Le salon Maison et Objet s’est tenu à Paris-Villepinte du 18 au 22 janvier 2013. Ce rendez-vous B2B international donne chaque début d’année la tonalité du secteur déco/design sur les univers de la maison, du mobilier, des accessoires et de la mode. Nous vous en synthétisons donc ici un bilan business et tendances, comme chaque année.
Cette édition avait pour thème annoncé « Vivant »…
- Ce thème, s’il était traité de façon fort intéressante dans le « parcours d’Inspirations » (3 espaces se donnant pour objectif de détecter les courants et styles porteurs des prochaines saisons au travers de l’offre du salon et des micro signes annonciateurs des changements d’influences), nous semblait néanmoins ne correspondre qu’à une création élitiste, et semblait plus relever du wishful thinking quand l’on parcourait les allées du salon, ou à tout le moins d’une volonté de résilience… c’est surtout la tension, l’attentisme et la morosité qui étaient particulièrement prégnantes pour cette session dans la production et le commerce…
- La production et les nouveautés confirment le recentrage sur les valeurs sures, sur l’essentiel, comme nous vous l’annoncions dans nos précédentes notes d’analyse (retour sur Milan ’12 et retour sur M&O ’12),
- Autre phénomène marquant : un déplacement confirmé du centre de gravité de la clientèle : un visiteur sur deux venant de l’étranger (moyen orient et Asie en particulier), c’est l’export qui sauve le business. Le meilleurs indicateur en est que la Safi, organisateur du salon, prépare une édition à Singapour pour l’an prochain, sous le nom Maison & Objet Asia, du 10 au 13 mars 2014.
- D’un point de vue business :
Si la baisse de fréquentation de la clientèle française est en partie imputable aux conditions climatiques, il n’en demeure pas moins que le rétrécissement du marché européen est marqué dans les commandes. C’est l’export qui compense les volumes sur les marché déco et haut de gamme, en particulier les clientèles moyen-orientales (Emirats, Koweit…), asiatiques et russes…
Les économies sont partout : les scénographies sont réutilisées, les collections renouvelées a minima, des exposants ont disparu, d’autres sont présents pour rassurer leurs clients malgré des plans sociaux en cours.
Le « made in France », sujet d’actualité (la mission de réflexion « marque France » a été lancée ce 30 janvier par le ministère), devient un argument incontournable, tant pour la clientèle territoriale (réflexe protectionniste) que pour la clientèle internationale (synonyme de raffinement et d’art de vivre)…

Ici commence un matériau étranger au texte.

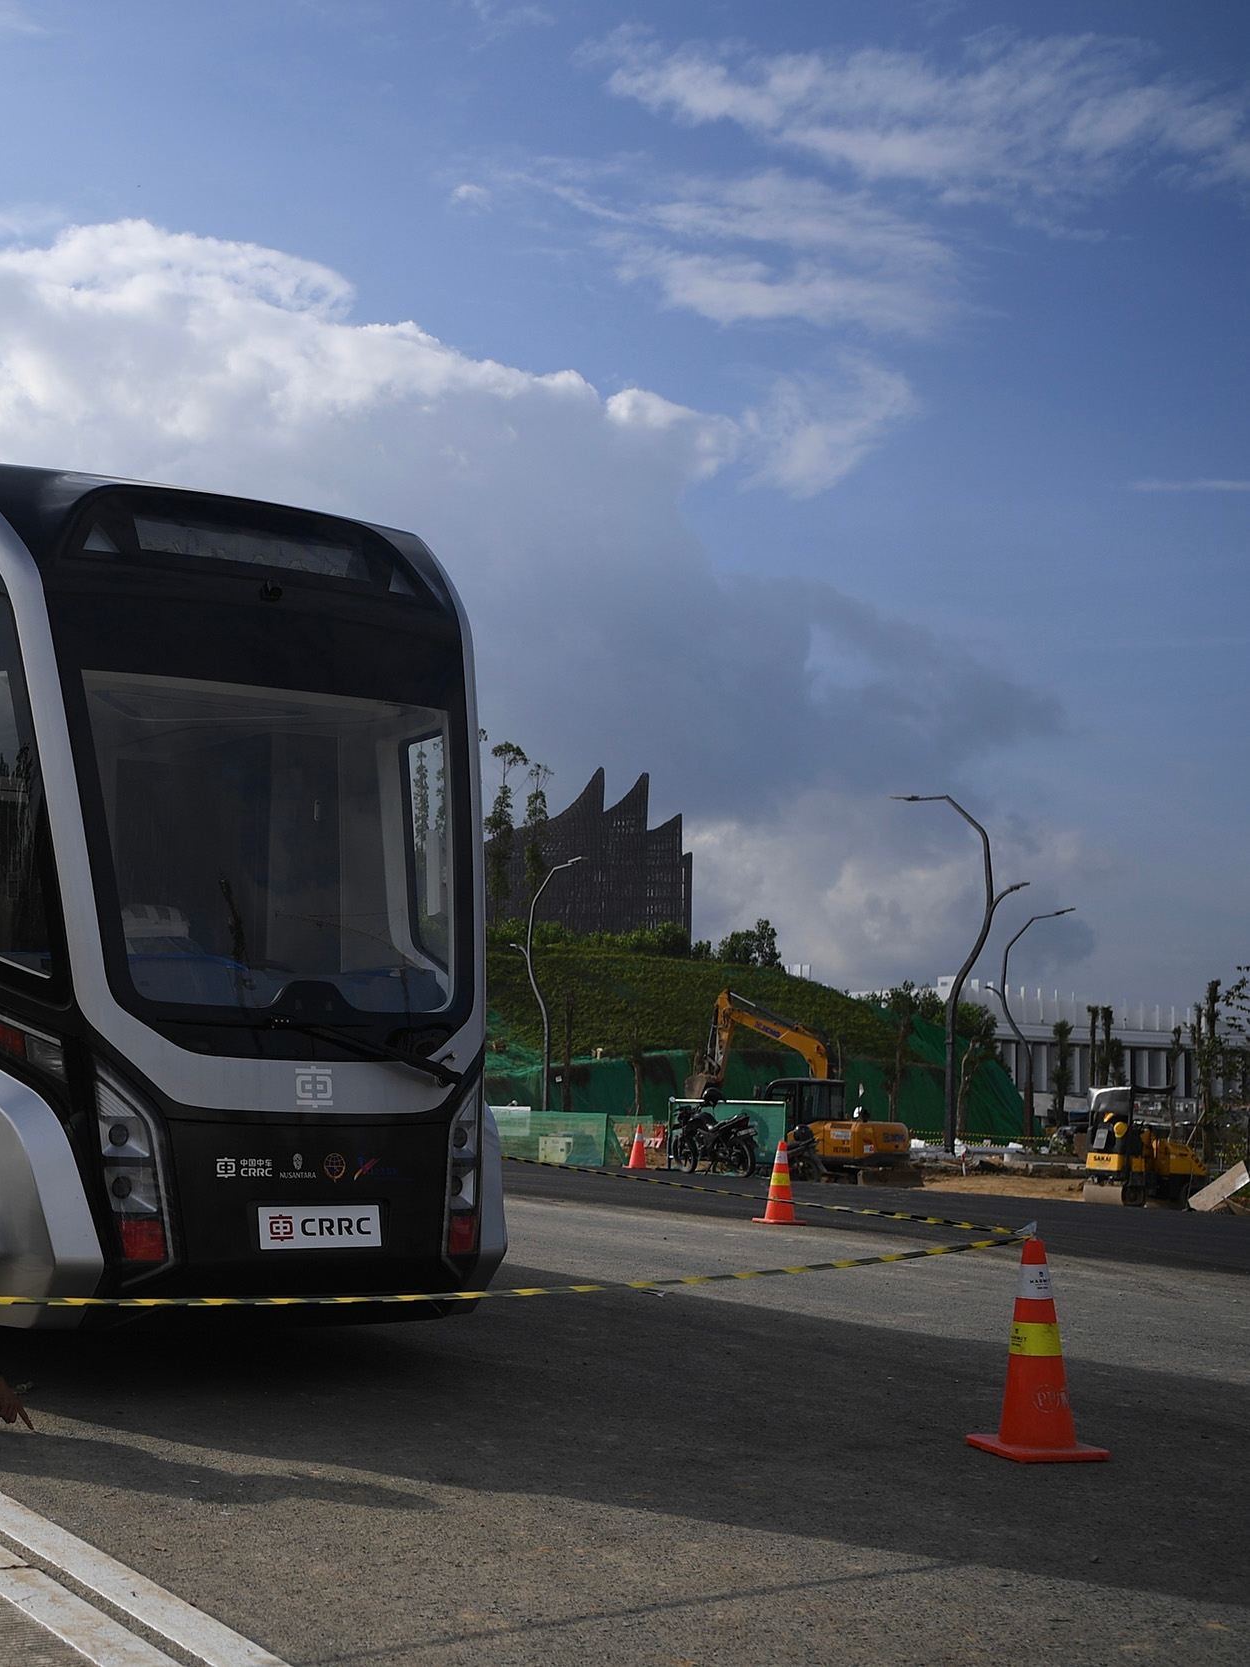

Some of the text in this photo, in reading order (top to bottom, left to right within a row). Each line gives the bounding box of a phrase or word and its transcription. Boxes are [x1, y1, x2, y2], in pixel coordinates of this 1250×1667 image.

Qu’en est-il réellement dans la production ? Les idées reçues sont battues en brèche : hors des secteurs du luxe qui tentent de capitaliser et (re)consolider leurs savoir-faire territoriaux, un grand nombre de société positionnées haut de gamme ou moyenne gamme (ayant des volumes de ventes significatifs) qui avaient résisté à ce mouvement jusqu’à présent se sont résolues à déplacer leur fabrication à l’étranger (et en Asie en particulier). La raison : leurs sous-traitants français ou européens (métallurgistes, verriers, composites, mécanique, électronique…) ont disparu, ou sont incapable de répondre dans des conditions acceptable de qualité (eh oui), de délais, ou de volumes aux commandes, ou encore leur outil de production ne permet plus de répondre à l’état de l’art par faute d’investissement.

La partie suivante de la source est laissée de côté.